Humoral factors not measured in the present study may contribute to the beneficial effect of dynamic sports activities on small artery distensibility. Maeda et al. 39 observed that young subjects, after 8 weeks of exercise, had a significant reduction in endothelin-1 and an increase in nitric oxide concentrations, with an inverse correlation between the two biochemical factors. A reduction of oxidative stress and an increased expression and activation of nitric oxide synthase 40 with enhanced endothelium-dependent dilation have been described in middle-aged endurance exercise-trained men compared to less active peers.41–43 In addition, regular physical activity may improve vascular function by protecting the arterial tree from the adverse effects of traditional risk factors for cardiovascular disease.
Limitations
One limitation of the current study is the absence of a classification of non-sedentary subjects according to different levels of physical activity due to the small number of subjects in each physical activity category. However, non-sedentary subjects were grouped together because we observed similar changes in arterial elasticity data in the non-sedentary groups. A second limitation is that physical activity habits were self-reported and could thus be inaccurate or biased. However, previous analyses of physical activity habits in the HARVEST have demonstrated that the participants were likely to have a fairly stable physical activity pattern over the years, 44 thus indicating internal consistency and a reduced opportunity for bias. A third limitation is that distensibility parameters were derived non-invasively, using a generalized transfer function. However, we assessed our subjects with two different devices that provide data based on different methodological approaches – obtaining consistent results. Another limitation is that only 151 out of the 366 subjects could complete the 6-year follow-up and have a second arterial distensibility assessment. However, their baseline arterial characteristics were similar to those of the rest of the group. Finally, the higher prevalence of male hypertensive subjects in our population limits generalizability to women.
Conclusions
In conclusion, our results show that physical activity in young hypertensive adults is associated with an increase in C2 and a reduction in AIx and total peripheral resistance, which may prevent the arterial stiffening due to aging.

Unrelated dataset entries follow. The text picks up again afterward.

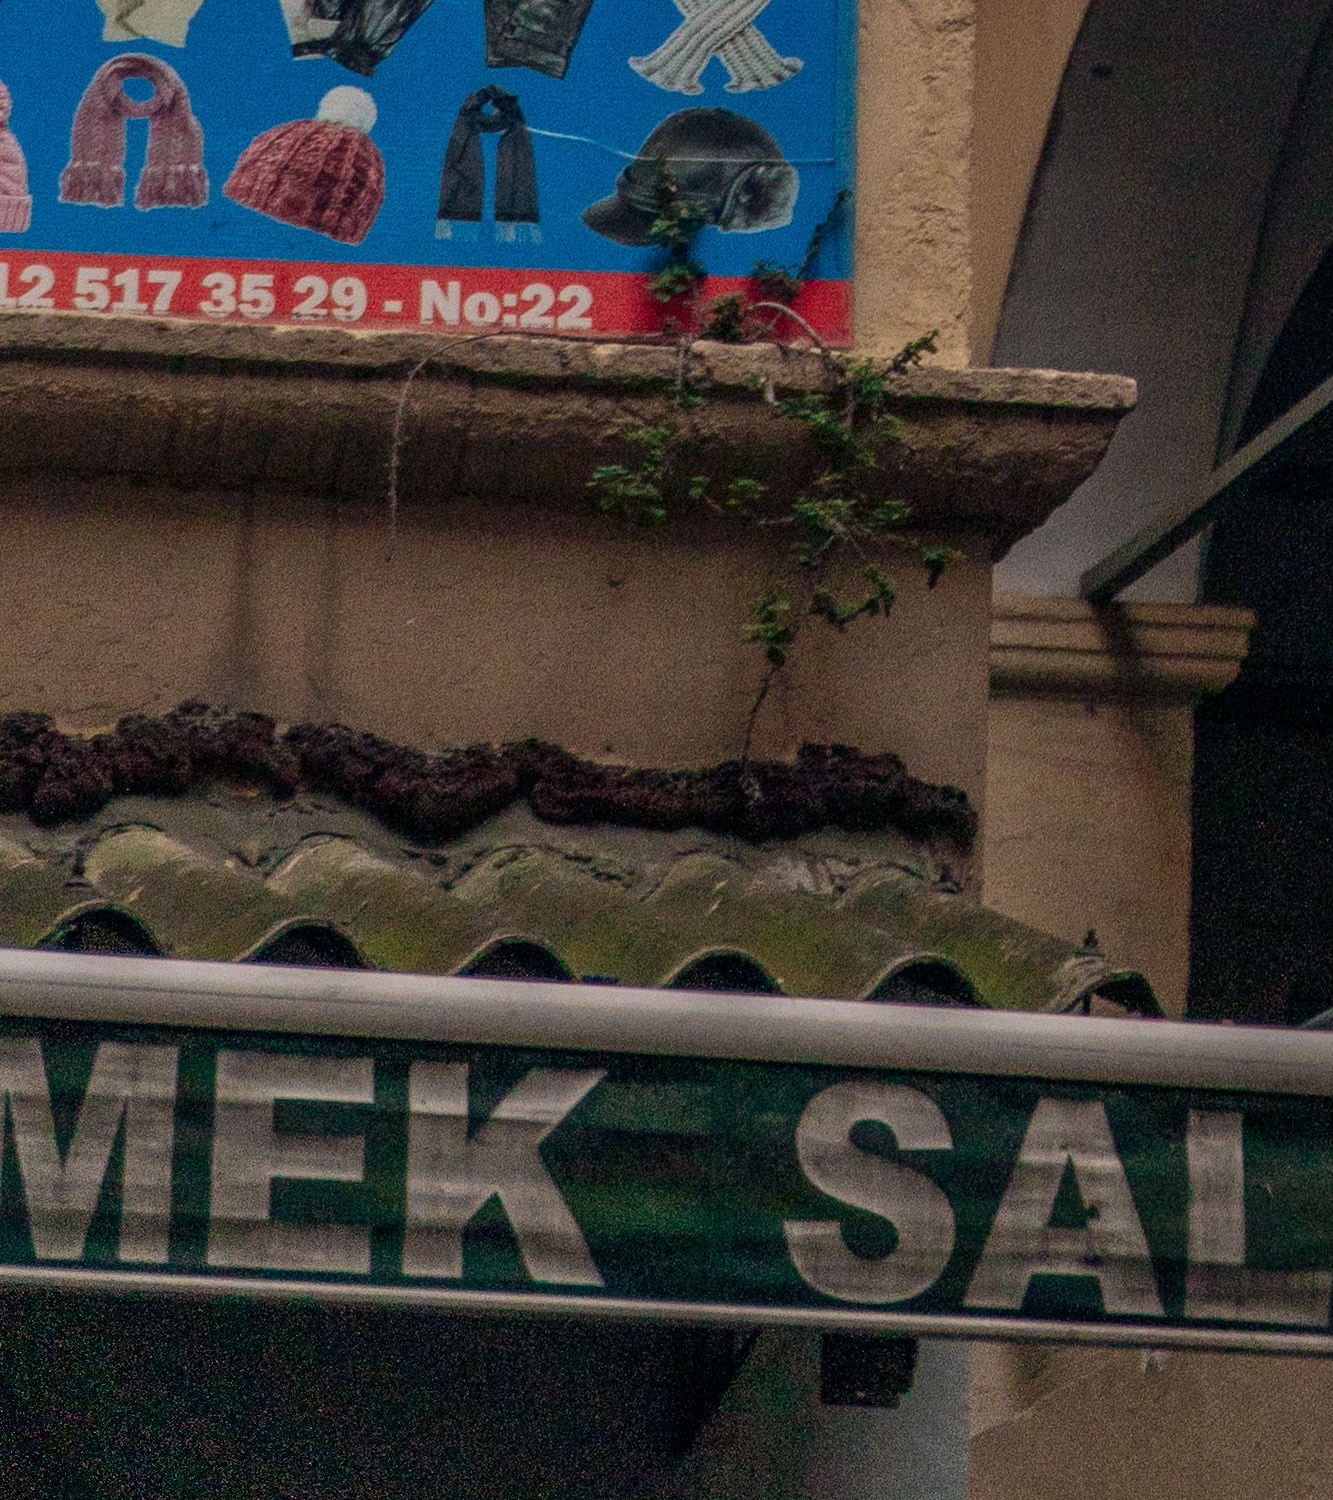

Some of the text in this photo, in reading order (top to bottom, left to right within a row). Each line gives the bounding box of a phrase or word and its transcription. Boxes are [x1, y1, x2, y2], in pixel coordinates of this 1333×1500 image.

[73, 267, 182, 315] 517
[201, 272, 275, 317] 35
[292, 276, 366, 321] 29
[420, 280, 594, 329] No:22
[0, 1037, 608, 1287] MEK
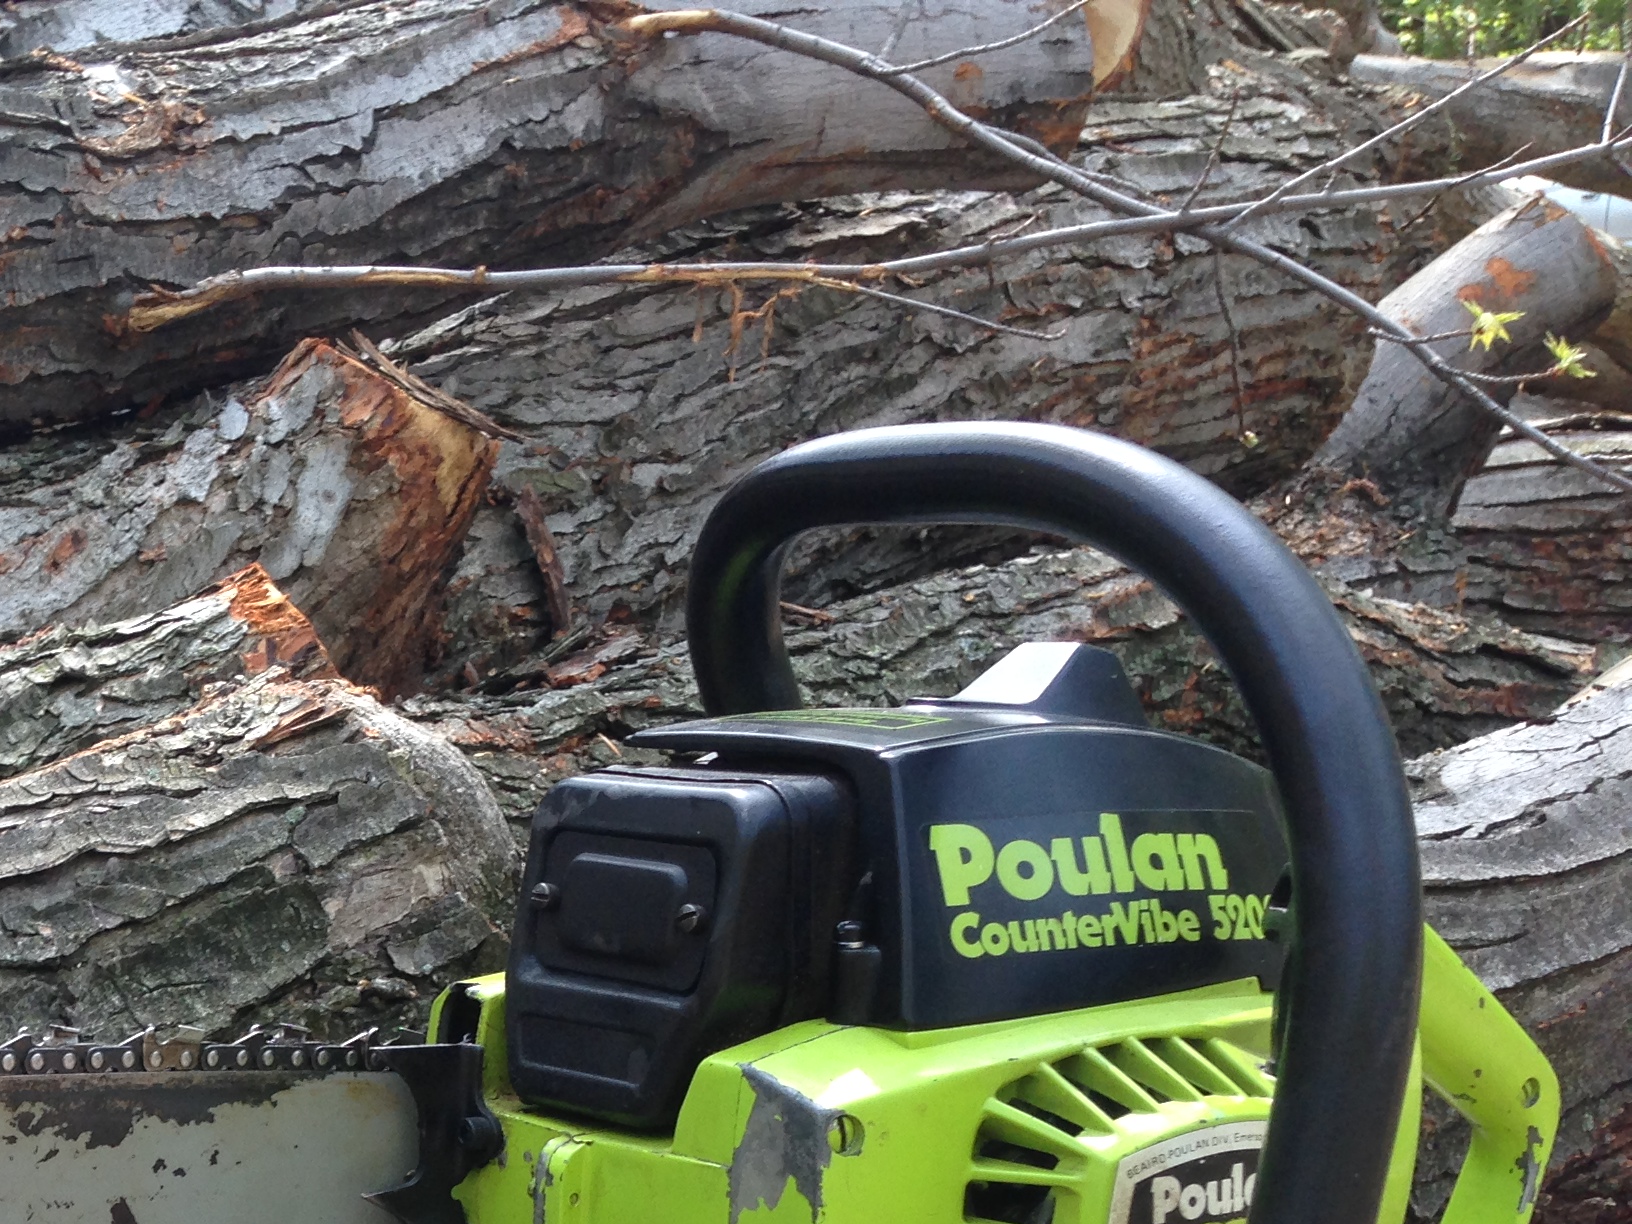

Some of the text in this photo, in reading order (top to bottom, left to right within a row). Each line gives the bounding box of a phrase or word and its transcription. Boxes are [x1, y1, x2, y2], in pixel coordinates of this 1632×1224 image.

[930, 813, 1228, 906] Poulan
[950, 894, 1272, 958] CounterVibe 520
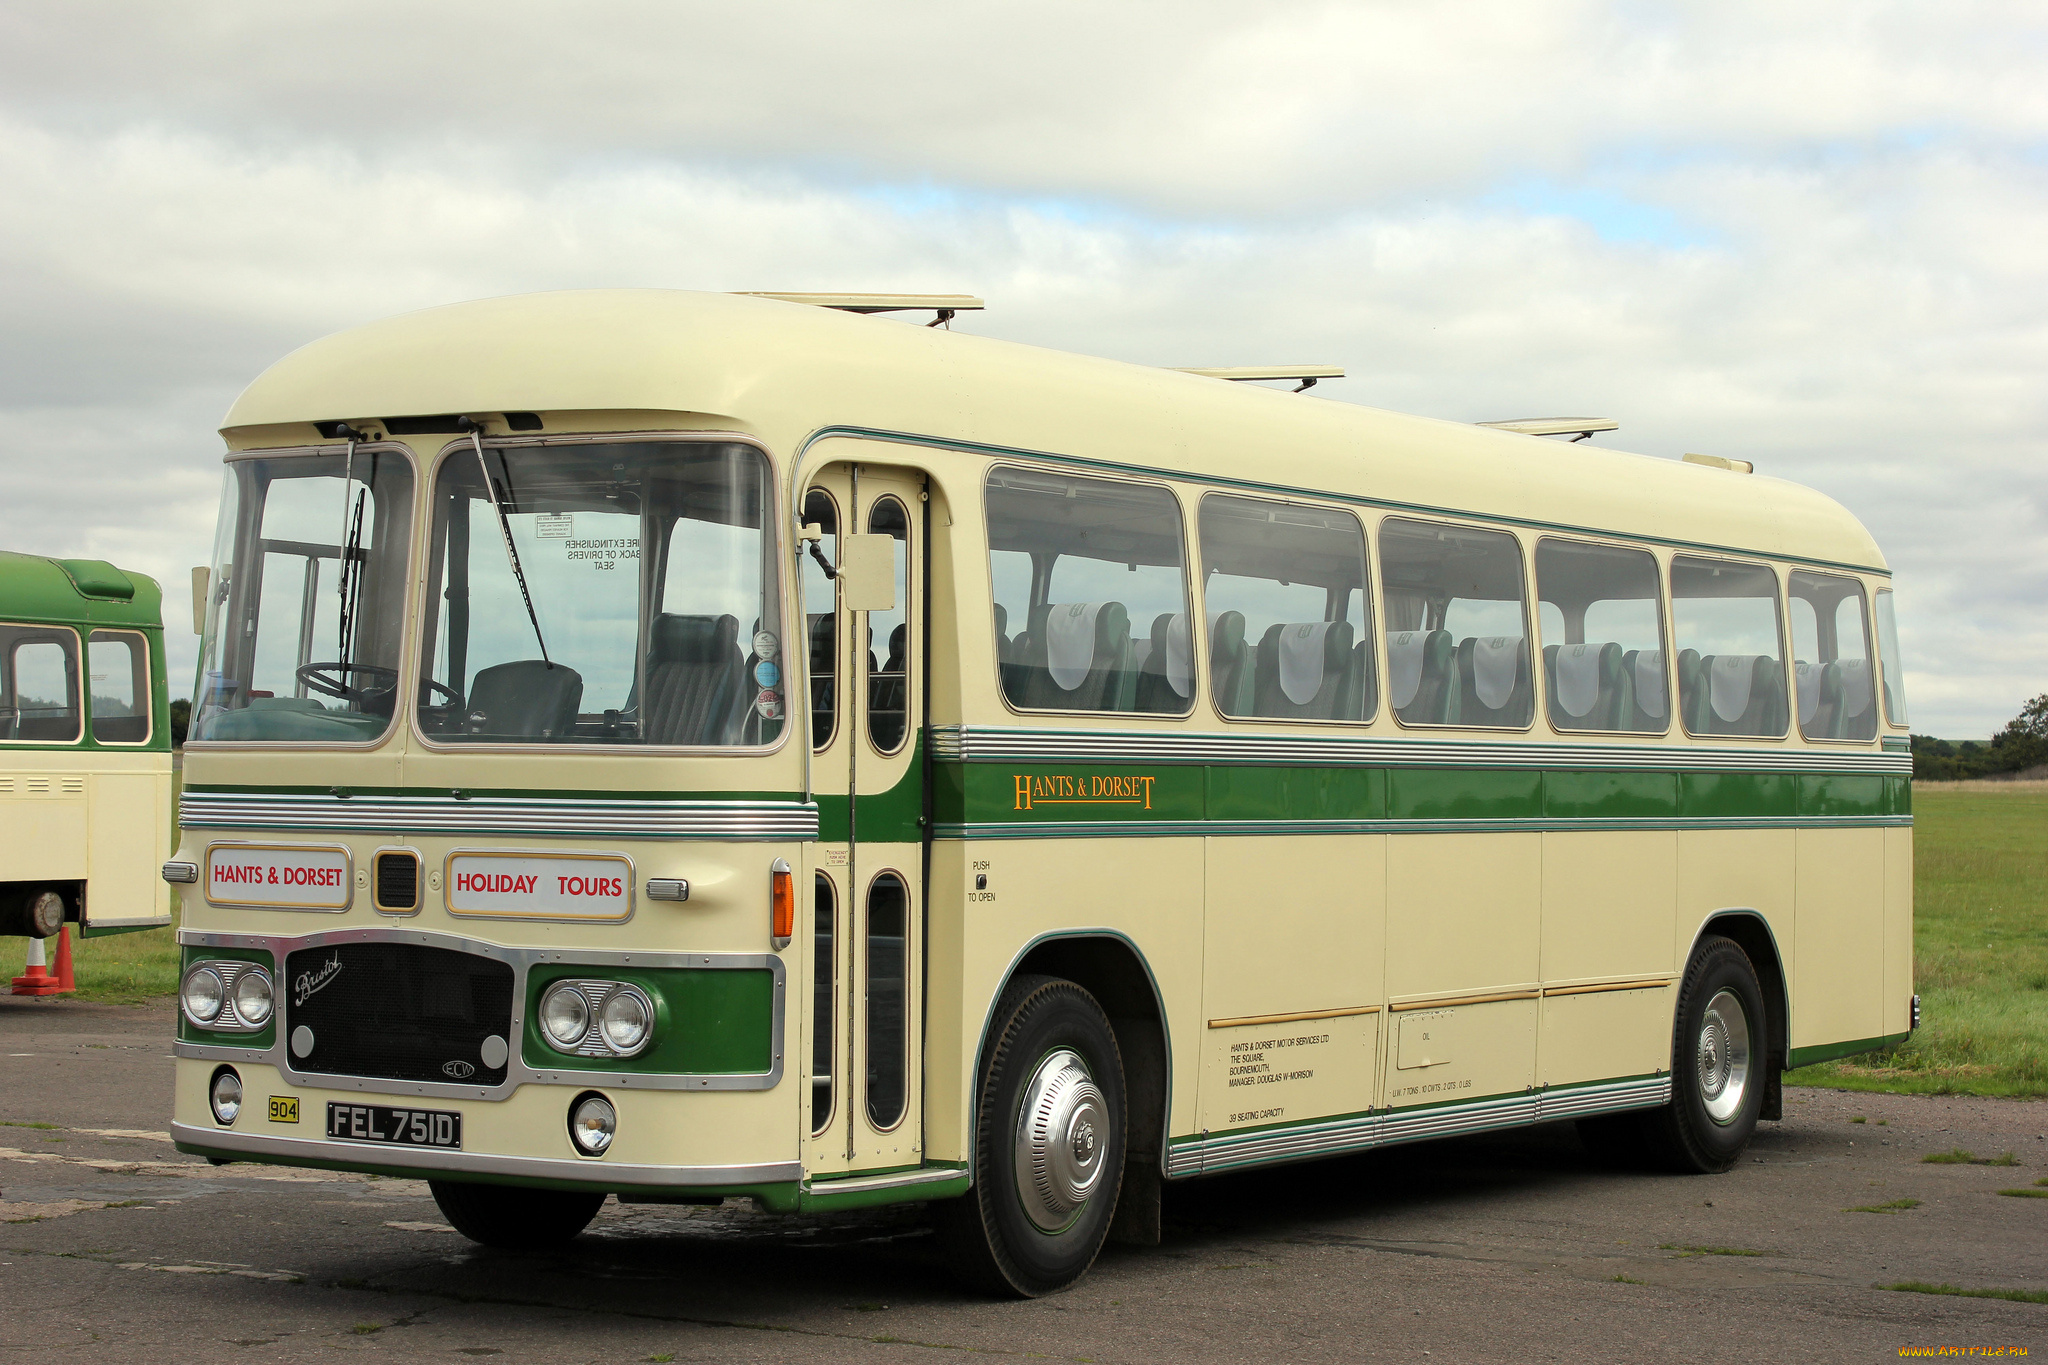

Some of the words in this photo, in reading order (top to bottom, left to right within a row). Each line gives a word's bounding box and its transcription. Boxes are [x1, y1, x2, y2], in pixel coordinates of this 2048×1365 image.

[1013, 775, 1074, 810] HANTS
[1077, 777, 1087, 797] &
[1091, 776, 1155, 810] DORSET
[973, 861, 990, 870] PUSH
[214, 865, 263, 884] HANTS
[267, 866, 279, 885] &
[284, 867, 343, 886] DORSET
[457, 873, 538, 894] HOLIDAY
[557, 876, 622, 897] TOURS
[968, 893, 976, 902] TO
[978, 893, 996, 902] OPEN
[295, 949, 343, 1007] Bristol
[1230, 1042, 1249, 1053] HANTS
[1249, 1042, 1254, 1051] &
[1255, 1039, 1276, 1050] DORSET
[1276, 1038, 1295, 1049] MOTOR
[1295, 1035, 1320, 1046] SERVICES
[1320, 1034, 1330, 1043] LTD
[1422, 1032, 1430, 1041] OIL
[1230, 1054, 1241, 1064] THE
[446, 1062, 471, 1077] ECW
[1257, 1072, 1283, 1085] DOUGLAS
[1443, 1082, 1447, 1091] 2
[1463, 1079, 1472, 1088] LBS
[270, 1101, 297, 1118] 904
[1229, 1113, 1237, 1123] 39
[1237, 1110, 1259, 1122] SEATING
[1259, 1107, 1285, 1119] CAPACITY
[334, 1106, 385, 1139] FEL
[392, 1110, 453, 1145] 751D

These associations persisted also when the effect of heart rate was accounted for and were slightly attenuated when BP was incorporated in the models. The present findings suggest that exercise causes favorable changes on the functional and structural properties of the small muscular arteries in hypertension.
Footnotes
Declaration of conflicting interest
The authors declare that there is no conflict of interest.
Funding
The study was funded by the University of Padova, Padova, Italy and the Associazione ‘18 maggio 1370’, San Daniele del Friuli, Italy.